Opinion
Index No.: 160633/2015
05-22-2018
NYSCEF DOC. NO. 74
DECISION/ORDER
Mot Seq. 003 HON. CAROL R. EDMEAD, J.S.C.: MEMORANDUM DECISION
This is an action for personal injury. Defendants Iron Works by YSL Inc. ("Iron Works") and YSL Consulting Industries Inc. ("YSL Consulting") (collectively "Defendants") now move pursuant to CPLR 3212 for summary dismissal of the Compliant of the now deceased Plaintiff, Michael D'Elia ("Plaintiff"), and the cross-claims of co-defendants, Forty Seventh Fifth Company LLC and Kenart Realties, Inc. ("co-defendants").
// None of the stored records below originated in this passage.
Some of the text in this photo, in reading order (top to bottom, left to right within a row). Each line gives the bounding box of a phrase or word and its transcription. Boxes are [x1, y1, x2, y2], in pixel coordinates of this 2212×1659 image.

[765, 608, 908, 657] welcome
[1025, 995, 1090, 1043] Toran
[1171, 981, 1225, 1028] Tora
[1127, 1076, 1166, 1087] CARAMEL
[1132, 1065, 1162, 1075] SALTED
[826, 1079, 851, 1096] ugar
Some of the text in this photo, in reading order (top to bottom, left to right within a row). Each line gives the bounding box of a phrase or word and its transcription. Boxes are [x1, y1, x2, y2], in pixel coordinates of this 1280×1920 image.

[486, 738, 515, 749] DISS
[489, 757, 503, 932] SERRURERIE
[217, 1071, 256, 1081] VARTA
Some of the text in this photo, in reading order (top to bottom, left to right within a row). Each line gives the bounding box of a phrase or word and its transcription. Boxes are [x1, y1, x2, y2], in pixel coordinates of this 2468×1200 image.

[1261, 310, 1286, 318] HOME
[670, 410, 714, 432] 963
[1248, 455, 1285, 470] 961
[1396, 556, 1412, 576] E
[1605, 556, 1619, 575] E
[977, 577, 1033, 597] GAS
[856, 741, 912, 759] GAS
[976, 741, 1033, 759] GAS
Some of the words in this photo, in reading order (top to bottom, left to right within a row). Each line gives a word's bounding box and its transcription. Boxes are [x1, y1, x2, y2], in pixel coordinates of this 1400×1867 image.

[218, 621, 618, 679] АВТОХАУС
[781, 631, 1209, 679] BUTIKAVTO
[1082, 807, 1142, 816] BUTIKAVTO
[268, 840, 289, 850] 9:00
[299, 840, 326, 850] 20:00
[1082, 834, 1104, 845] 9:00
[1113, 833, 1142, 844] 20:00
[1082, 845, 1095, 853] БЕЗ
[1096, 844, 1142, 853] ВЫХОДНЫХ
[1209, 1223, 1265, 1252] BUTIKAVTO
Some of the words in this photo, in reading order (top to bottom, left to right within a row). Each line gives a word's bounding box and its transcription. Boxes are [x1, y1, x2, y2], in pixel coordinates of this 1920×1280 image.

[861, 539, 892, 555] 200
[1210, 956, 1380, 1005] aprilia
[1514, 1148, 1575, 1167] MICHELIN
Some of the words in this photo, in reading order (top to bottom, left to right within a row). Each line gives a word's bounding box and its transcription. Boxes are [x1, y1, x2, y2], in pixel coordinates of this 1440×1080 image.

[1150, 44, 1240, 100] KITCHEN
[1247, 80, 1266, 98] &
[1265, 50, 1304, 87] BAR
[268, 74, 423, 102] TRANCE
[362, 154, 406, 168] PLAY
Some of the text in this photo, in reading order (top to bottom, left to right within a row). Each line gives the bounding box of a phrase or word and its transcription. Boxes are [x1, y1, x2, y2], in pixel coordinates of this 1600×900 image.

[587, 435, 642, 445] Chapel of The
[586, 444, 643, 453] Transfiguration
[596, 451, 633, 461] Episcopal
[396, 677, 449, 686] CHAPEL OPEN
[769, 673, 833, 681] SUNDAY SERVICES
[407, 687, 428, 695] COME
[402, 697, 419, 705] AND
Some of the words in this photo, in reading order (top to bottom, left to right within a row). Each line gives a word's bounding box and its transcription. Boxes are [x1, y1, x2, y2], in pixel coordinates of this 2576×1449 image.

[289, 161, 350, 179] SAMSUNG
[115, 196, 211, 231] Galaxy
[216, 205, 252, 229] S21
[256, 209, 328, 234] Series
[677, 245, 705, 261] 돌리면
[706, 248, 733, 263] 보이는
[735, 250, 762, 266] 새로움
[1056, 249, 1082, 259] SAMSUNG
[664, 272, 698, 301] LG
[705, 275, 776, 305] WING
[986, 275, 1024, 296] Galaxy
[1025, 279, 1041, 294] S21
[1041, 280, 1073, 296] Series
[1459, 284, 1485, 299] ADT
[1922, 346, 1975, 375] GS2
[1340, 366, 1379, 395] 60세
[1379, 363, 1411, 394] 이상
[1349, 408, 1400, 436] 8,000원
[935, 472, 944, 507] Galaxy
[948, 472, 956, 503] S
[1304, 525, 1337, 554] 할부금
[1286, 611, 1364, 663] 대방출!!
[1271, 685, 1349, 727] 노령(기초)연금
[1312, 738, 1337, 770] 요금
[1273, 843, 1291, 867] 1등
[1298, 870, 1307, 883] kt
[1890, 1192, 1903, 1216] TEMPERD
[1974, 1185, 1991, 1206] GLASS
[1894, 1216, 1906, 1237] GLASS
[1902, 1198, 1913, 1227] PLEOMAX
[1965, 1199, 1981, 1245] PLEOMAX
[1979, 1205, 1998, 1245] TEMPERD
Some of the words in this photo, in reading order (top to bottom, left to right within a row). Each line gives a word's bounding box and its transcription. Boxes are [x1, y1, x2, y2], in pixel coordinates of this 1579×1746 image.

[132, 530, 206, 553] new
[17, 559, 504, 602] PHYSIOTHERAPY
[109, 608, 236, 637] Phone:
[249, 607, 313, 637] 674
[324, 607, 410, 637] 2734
The Court notes that in response to Defendants' motion to dismiss, Plaintiff and co-defendants do not oppose the branch of the motion to dismiss the Complaint and all cross-claims against defendant YSL Consulting Industries Inc., and thus, the Complaint and cross-claims are dismissed as against defendant YSL Consulting Industries Inc.
Factual Background
Plaintiff claims that on September 16, 2015, he fell from an elevated height as a floor collapsed while he was performing demolition work at the premises, located at 580 Fifth Avenue, New York, New York. At the time of the accident, Plaintiff was employed by the general contractor of the premises, non-party FM Kelly Construction Group ("FM Kelly"). The Complaint alleges common law negligence and claims under Labor Law §§200, 240(1) and 241(6). In turn, co-defendants filed cross-claims for common law indemnification and contribution, contractual indemnification, and breach of contract for failure to procure insurance.
Defendants' Motion
In support of their motion, Defendants argue that it did not owe Plaintiff a duty of care. Defendants submit the affidavit of Marat Lempert ("Lempert"), the president of defendant YSL Consulting and vice president of Iron Works, indicating that Defendants did not perform any work in or around the premises on the date of Plaintiff's accident and that Defendants did not supervise or control the work performed at the premises (Podolsky Aff, Ex., G, Lempert Aff., ¶¶9, 12). Defendants further argue that they did not assume a duty for the work performed by any other contractors who were performing work on the interior of the property. Defendants also argue that they did not launch a force or instrument of harm, displace FM Kelly's duty to safely maintain the premises and that Plaintiff did not rely of Defendants continued performance.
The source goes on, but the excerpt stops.